With respect to baseline patient characteristics, the EST and OCT groups were comparable. After the procedure, gallstones were completely eliminated in all patients. Among 216 eligible patients, 191 patients (88.4%) completed all three surveys, including 118 patients who underwent EST (118/135; 87.4%) and 73 patients who underwent OCT (73/81; 90.1%). EST was associated with a significantly shorter hospital stay than OCT (8.8 ± 6.5 vs 13.9 ± 6.7 d; P < 0.001). The GIQLI score was similar between the EST and OCT groups before cholelithotomy (103.0 ± 15.4 vs 99.7 ± 10.2), but increased significantly in the EST group at two weeks (113.4 ± 12.0 vs 107.2 ± 11.2; P < 0.001) and six weeks (120.7 ± 10.6 vs 116.9 ± 7.5; P < 0.05) after the procedures.

CONCLUSION

EST, compared with OCT, is associated with better postoperative quality of life in patients treated for choledocholithiasis.

摘要

目的

比较接受内镜括约肌切开术(EST)与开腹胆总管切开术(OCT)的胆总管结石患者生活质量的改善情况。

方法

采用整群抽样法,对2010年5月至2011年1月在长海医院住院的符合条件的胆总管结石患者(n = 216)进行前瞻性研究。

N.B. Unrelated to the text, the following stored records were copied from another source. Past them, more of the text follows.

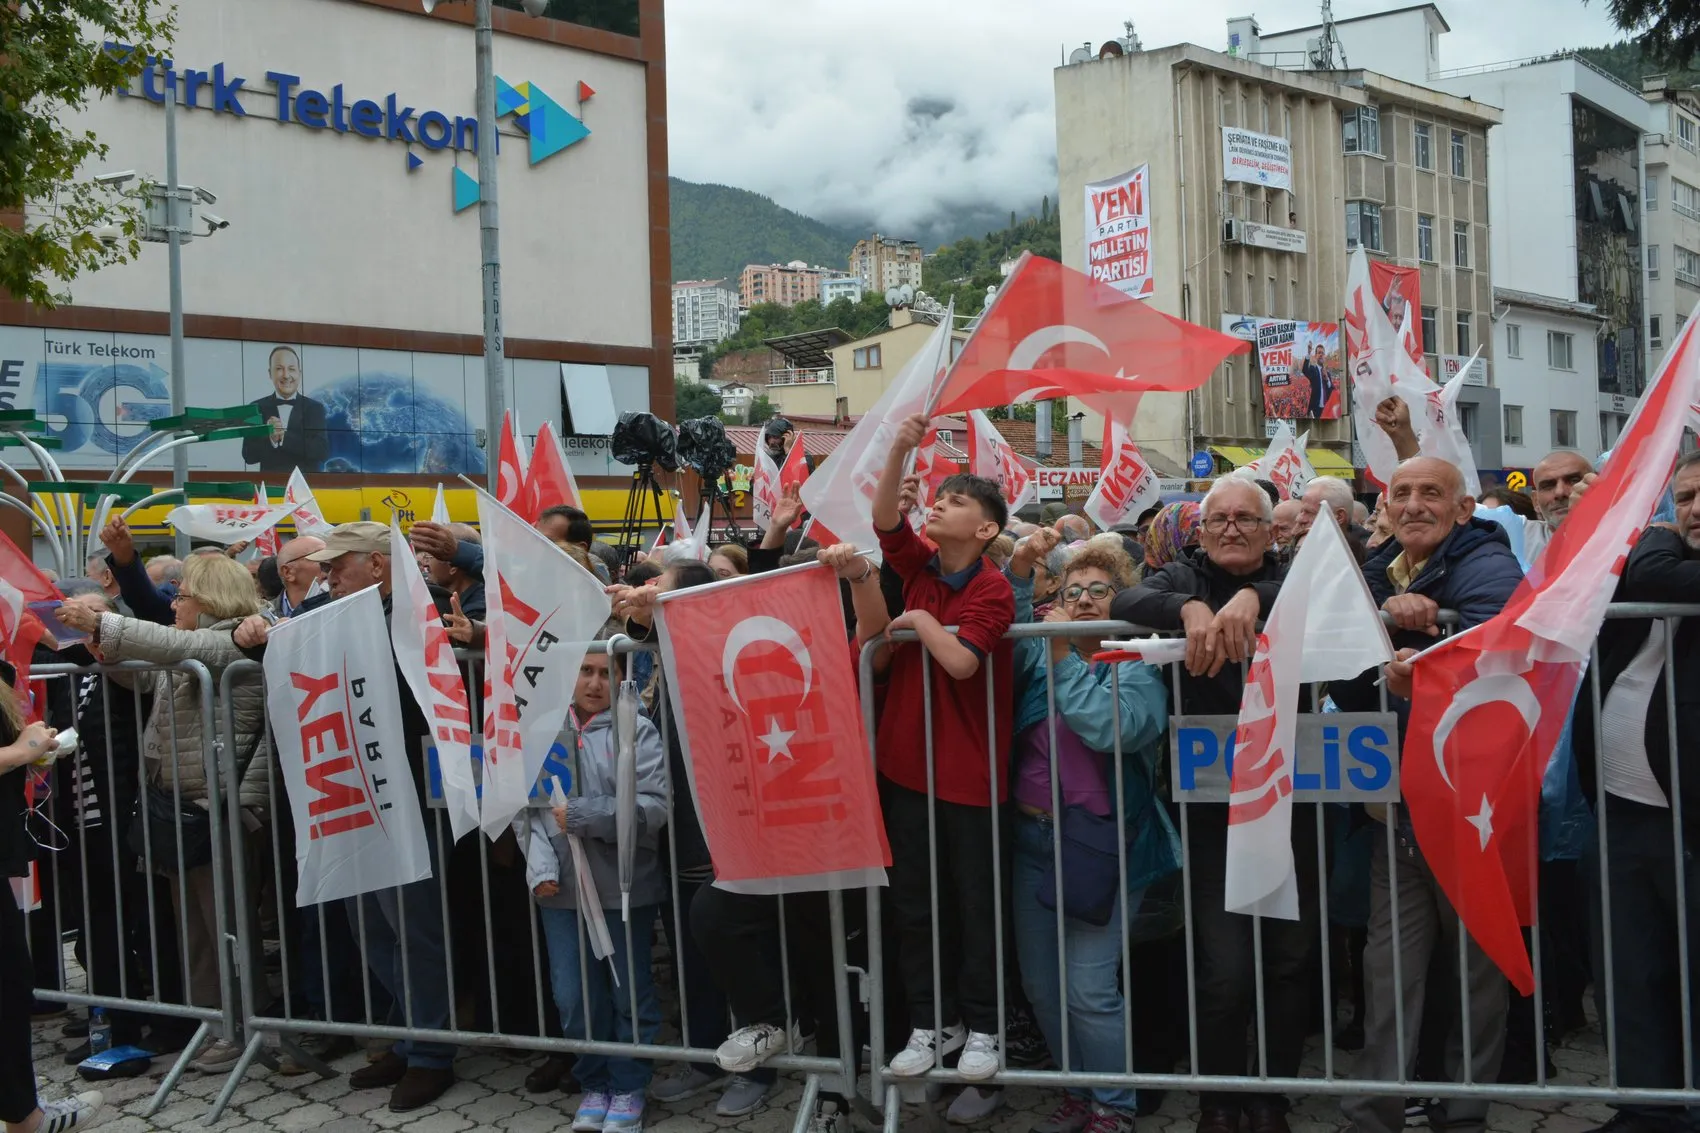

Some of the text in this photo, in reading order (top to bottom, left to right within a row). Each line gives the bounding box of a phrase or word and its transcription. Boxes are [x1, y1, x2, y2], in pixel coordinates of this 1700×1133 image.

[1091, 173, 1143, 227] YENİ
[1099, 218, 1138, 237] PARTİ
[1091, 231, 1146, 262] MİLLETİN
[1093, 252, 1144, 282] PARTİSİ
[45, 340, 156, 359] Türk Telekom
[1261, 348, 1292, 366] YENİ
[737, 625, 849, 827] YENİ

根据患者意愿,患者接受EST(n = 135)或OCT(n = 81)治疗。通过现场调查和通信对患者进行随访。术前、术后两周和六周,患者还需自行填写胃肠道生活质量指数(GIQLI),以评估患者的生活质量。

结果

在基线患者特征方面,EST组和OCT组具有可比性。术后,所有患者的胆结石均被完全清除。在216例符合条件的患者中,191例患者(88.4%)完成了全部三项调查,其中118例接受EST治疗(118/135;87.4%),73例接受OCT治疗(73/81;90.1%)。EST组的住院时间明显短于OCT组(8.8±6.5天 vs 13.9±6.7天;P < 0.001)。在胆囊切除术之前,EST组和OCT组的GIQLI评分相似(103.0±15.4 vs 99.7±10.2),但术后两周(113.4±12.0 vs 107.2±11.2;P < 0.001)和六周(120.7±10.6 vs 116.9±7.5;P < 0.05)时,EST组的评分显著升高。

结论

与OCT相比,EST可使胆总管结石患者术后生活质量更佳。